The Real Relay
[Sun 24th Jun]
On the 15th of June, we ran 12.5 miles taking in some of the Olympic torch relay route which came through Newbiggin and Ashington. Despite getting absolutely saturated we were uplifted by the whole experience.
When we got in we had a message from Pauline Aitchison of Wooler Running Club about a stage of the Real Relay from Widdrington to Newbiggin still being up for grabs. We had read about this: basically The Endurancelife Real Relay is an exciting attempt to follow the entire route of the official Olympic Torch around the British Isles in one continuous non-stop journey, running every step of the way. It started out from Land’s End at midnight on Monday 28 May, ten days behind the official Olympic Torch, and would involve hundreds of runners from across the British Isles. Buoyed by our earlier Torch excitement I signed up straight away and Karen said she would do it too. However I had not quite grasped the continuous bit, and was perturbed to see that our 10.5 mile stage was scheduled for 1:15 am on Sunday 24th June. Ah well, we mused, it would be a different experience.
As we got to the weekend, it was difficult to gauge what to do to prepare. We usually do our long run in the morning so it’s wake up, breakfast, 2 hours later out the door, job done by mid-morning. We had some friends round for lunch so that filled in a few hours.

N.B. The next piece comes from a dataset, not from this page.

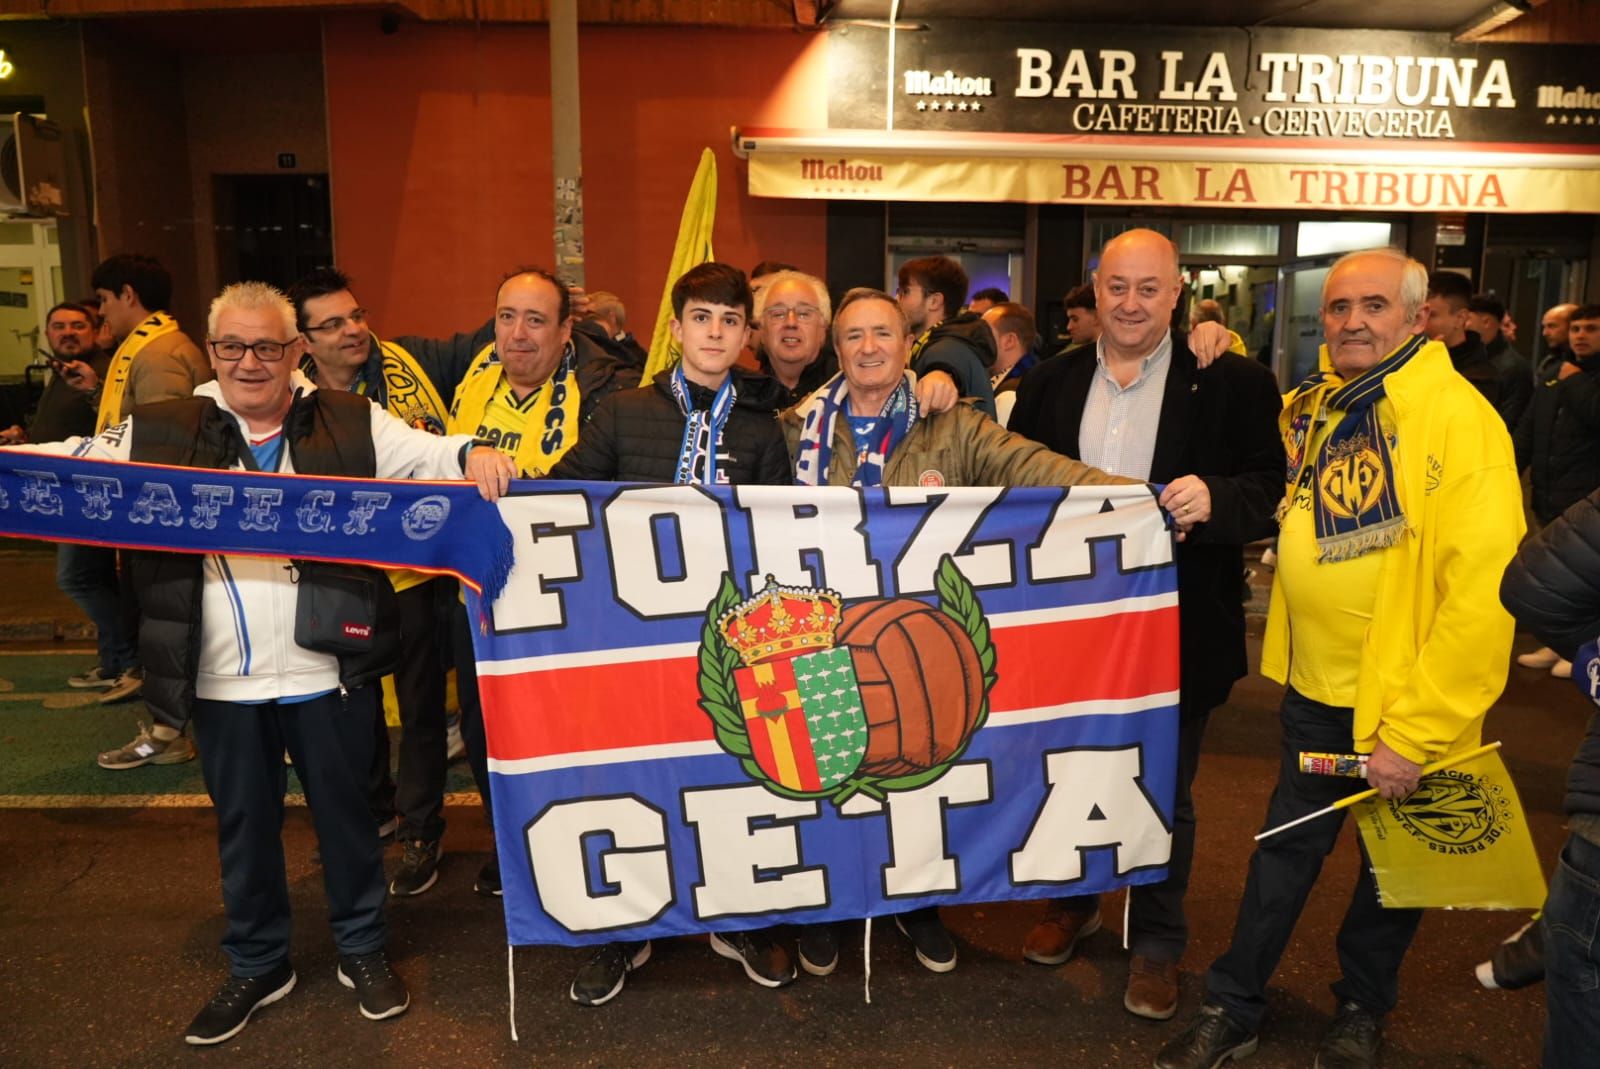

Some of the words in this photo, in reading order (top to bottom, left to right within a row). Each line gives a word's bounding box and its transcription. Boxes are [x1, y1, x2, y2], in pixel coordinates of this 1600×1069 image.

Had numerous texts from Pauline who was doing the stage across the border to Lindisfarne Causeway. Everything was running to schedule. Karen made me watch The Wedding Singer and Love Actually (for the umpteenth time). I was keeping an eye on the Live Tracker. We managed to stay awake and eventually we had a call from Manuela who was doing the previous stage to say they had reached Amble, our trigger to drive up to Widdrington.
We pulled into the car park of the Widdrington Inn to find a guy with a van in a viz vest. He was the boyfriend of Marion who had run the leg before Manuela and who was accompanying her by bike on her run. They had chosen to take the coastal path from Amble rather than the A1068 which is a bit hairy. After a quick drive down to Druridge (the girls had gone a bit awry on the coastal path) they turned up and we did the baton handover with pictures. Manuela is Italian, Marion is Austrian, boyfriend is Spanish, Karen is Scottish and I am English. Surely this must be the most international gathering ever to be had in the car park of The Widdrington Inn at 1:45 in the morning. We bade them goodbye, and set off at about 1:50 about 35mins behind schedule. Rang Dan to tell him we were running late. Garmin did not get a signal for quite a while. I think what it was really saying was ‘Why the hell are running at this ungodly hour when I’m usually asleep in the drawer of the sideboard?’
The baton is about 3ft long and is a bit difficult to carry so we swopped periodically. I have to say the run was a quite liberating experience. It had started to rain but the time seemed to go quite quickly although we were not running very fast. On the road from Cresswell we both got the fright of our lives when a horse leaning over a fence let out a very loud neigh. We got to Lynemouth and toyed with giving Heather a knock to put the kettle on, but all was quiet in the Barrass household so we continued. Karen found a very large pothole on the cycle path near Alcan which nearly resulted in a broken ankle. We got to Woodhorn. There was a boy racer Corsa parked in a lay by. Inside there were 4 oiks, all with the trade mark IQ diminishers on their heads (that’s baseball caps with the peaks at the back). I thought ‘aye aye’ as they glared out, however was reassured with the knowledge that I had a 3ft baton in my hand. I think they were bemused into inactivity by the sight of Karen and me.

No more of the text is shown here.